The answer must be an exact printing of every record below, with the pictures omitted.

● Exercise data
_ _ _ _

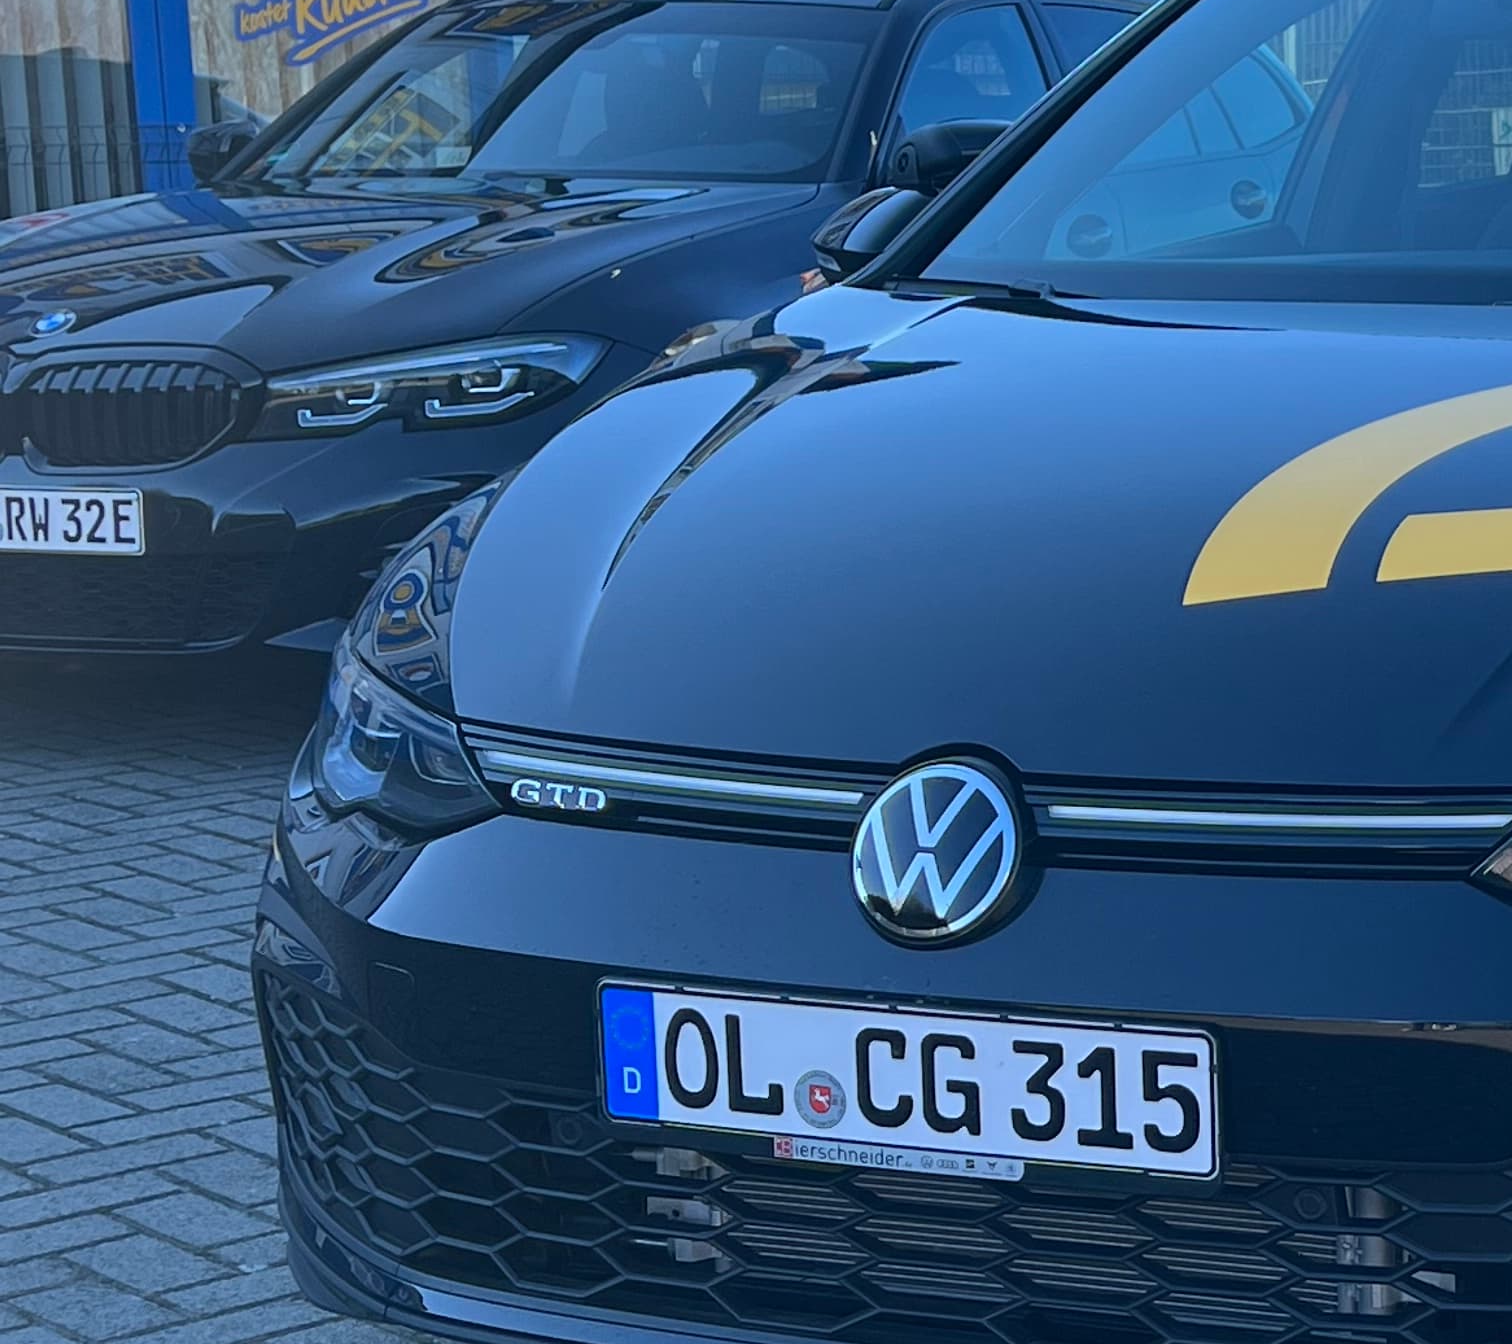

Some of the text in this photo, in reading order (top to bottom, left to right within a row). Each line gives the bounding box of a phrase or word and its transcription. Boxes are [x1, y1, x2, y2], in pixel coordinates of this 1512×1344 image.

[5, 496, 136, 545] RW 32E
[510, 777, 607, 813] GTD
[622, 1066, 642, 1094] D
[664, 1007, 785, 1117] OL
[855, 1027, 983, 1137] CG
[1010, 1039, 1200, 1154] 315
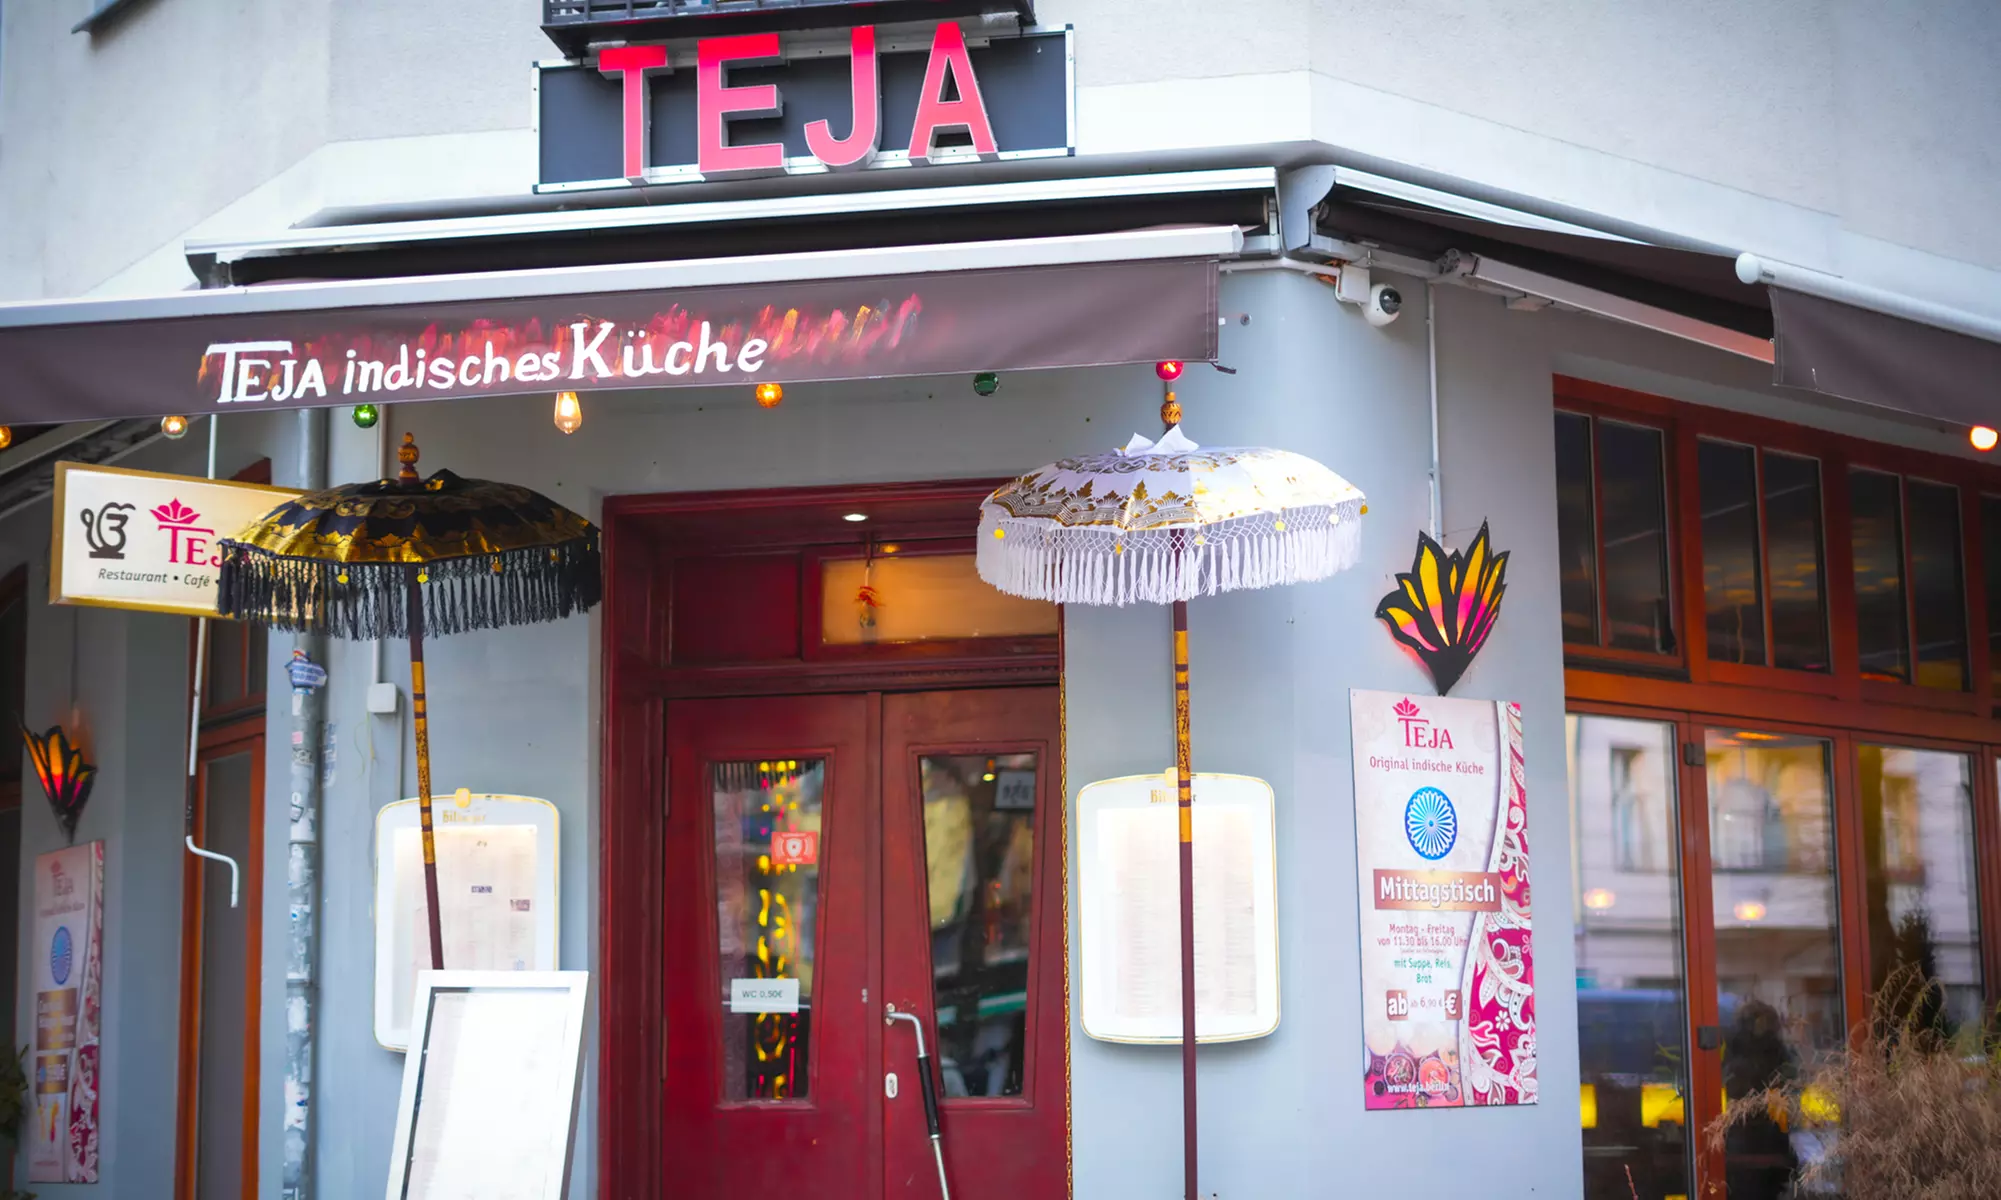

_ _ _ _

● Result of the exercise
Some of the text in this photo, in reading order (top to bottom, left to right within a row). Each line gives the bounding box of a phrase or word and its transcription. Boxes are [x1, y1, x2, y2], in pixel coordinates of this 1512×1344 image.

[5, 496, 136, 545] RW 32E
[510, 777, 607, 813] GTD
[622, 1066, 642, 1094] D
[664, 1007, 785, 1117] OL
[855, 1027, 983, 1137] CG
[1010, 1039, 1200, 1154] 315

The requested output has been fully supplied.